### SUPPLIED MATERIAL
-----

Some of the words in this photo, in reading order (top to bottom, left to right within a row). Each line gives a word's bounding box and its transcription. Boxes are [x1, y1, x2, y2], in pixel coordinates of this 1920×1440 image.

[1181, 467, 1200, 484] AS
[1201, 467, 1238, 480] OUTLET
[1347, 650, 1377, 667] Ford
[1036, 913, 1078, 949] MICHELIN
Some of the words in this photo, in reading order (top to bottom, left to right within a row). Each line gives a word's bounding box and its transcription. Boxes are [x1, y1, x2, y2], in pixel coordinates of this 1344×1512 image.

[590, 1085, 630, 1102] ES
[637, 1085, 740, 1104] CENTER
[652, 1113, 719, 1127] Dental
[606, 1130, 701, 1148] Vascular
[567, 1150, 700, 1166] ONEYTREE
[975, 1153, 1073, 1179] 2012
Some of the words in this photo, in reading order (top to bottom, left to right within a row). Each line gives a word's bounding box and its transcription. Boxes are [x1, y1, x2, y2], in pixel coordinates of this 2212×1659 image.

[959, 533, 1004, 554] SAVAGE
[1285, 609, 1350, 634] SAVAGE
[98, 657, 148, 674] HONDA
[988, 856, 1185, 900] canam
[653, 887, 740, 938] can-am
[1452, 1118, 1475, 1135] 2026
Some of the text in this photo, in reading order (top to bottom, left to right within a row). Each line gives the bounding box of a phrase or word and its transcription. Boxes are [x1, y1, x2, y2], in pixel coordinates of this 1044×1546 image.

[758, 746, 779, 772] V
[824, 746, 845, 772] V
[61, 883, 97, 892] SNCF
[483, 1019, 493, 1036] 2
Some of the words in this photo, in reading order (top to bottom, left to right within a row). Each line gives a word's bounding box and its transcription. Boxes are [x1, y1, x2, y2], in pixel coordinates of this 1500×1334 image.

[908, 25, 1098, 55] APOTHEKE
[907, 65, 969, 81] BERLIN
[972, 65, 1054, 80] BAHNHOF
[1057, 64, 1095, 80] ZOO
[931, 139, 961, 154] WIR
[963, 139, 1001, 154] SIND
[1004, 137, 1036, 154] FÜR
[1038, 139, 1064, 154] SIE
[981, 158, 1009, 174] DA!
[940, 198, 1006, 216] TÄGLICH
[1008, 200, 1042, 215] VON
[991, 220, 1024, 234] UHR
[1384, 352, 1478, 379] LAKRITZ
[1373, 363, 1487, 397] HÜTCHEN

-----

### WORK ITEM
The data above is to be given again, with every line exact.

### ANSWER TO THE EXERCISE
Some of the words in this photo, in reading order (top to bottom, left to right within a row). Each line gives a word's bounding box and its transcription. Boxes are [x1, y1, x2, y2], in pixel coordinates of this 1920×1440 image.

[1181, 467, 1200, 484] AS
[1201, 467, 1238, 480] OUTLET
[1347, 650, 1377, 667] Ford
[1036, 913, 1078, 949] MICHELIN
Some of the words in this photo, in reading order (top to bottom, left to right within a row). Each line gives a word's bounding box and its transcription. Boxes are [x1, y1, x2, y2], in pixel coordinates of this 1344×1512 image.

[590, 1085, 630, 1102] ES
[637, 1085, 740, 1104] CENTER
[652, 1113, 719, 1127] Dental
[606, 1130, 701, 1148] Vascular
[567, 1150, 700, 1166] ONEYTREE
[975, 1153, 1073, 1179] 2012
Some of the words in this photo, in reading order (top to bottom, left to right within a row). Each line gives a word's bounding box and its transcription. Boxes are [x1, y1, x2, y2], in pixel coordinates of this 2212×1659 image.

[959, 533, 1004, 554] SAVAGE
[1285, 609, 1350, 634] SAVAGE
[98, 657, 148, 674] HONDA
[988, 856, 1185, 900] canam
[653, 887, 740, 938] can-am
[1452, 1118, 1475, 1135] 2026
Some of the text in this photo, in reading order (top to bottom, left to right within a row). Each line gives the bounding box of a phrase or word and its transcription. Boxes are [x1, y1, x2, y2], in pixel coordinates of this 1044×1546 image.

[758, 746, 779, 772] V
[824, 746, 845, 772] V
[61, 883, 97, 892] SNCF
[483, 1019, 493, 1036] 2
Some of the words in this photo, in reading order (top to bottom, left to right within a row). Each line gives a word's bounding box and its transcription. Boxes are [x1, y1, x2, y2], in pixel coordinates of this 1500×1334 image.

[908, 25, 1098, 55] APOTHEKE
[907, 65, 969, 81] BERLIN
[972, 65, 1054, 80] BAHNHOF
[1057, 64, 1095, 80] ZOO
[931, 139, 961, 154] WIR
[963, 139, 1001, 154] SIND
[1004, 137, 1036, 154] FÜR
[1038, 139, 1064, 154] SIE
[981, 158, 1009, 174] DA!
[940, 198, 1006, 216] TÄGLICH
[1008, 200, 1042, 215] VON
[991, 220, 1024, 234] UHR
[1384, 352, 1478, 379] LAKRITZ
[1373, 363, 1487, 397] HÜTCHEN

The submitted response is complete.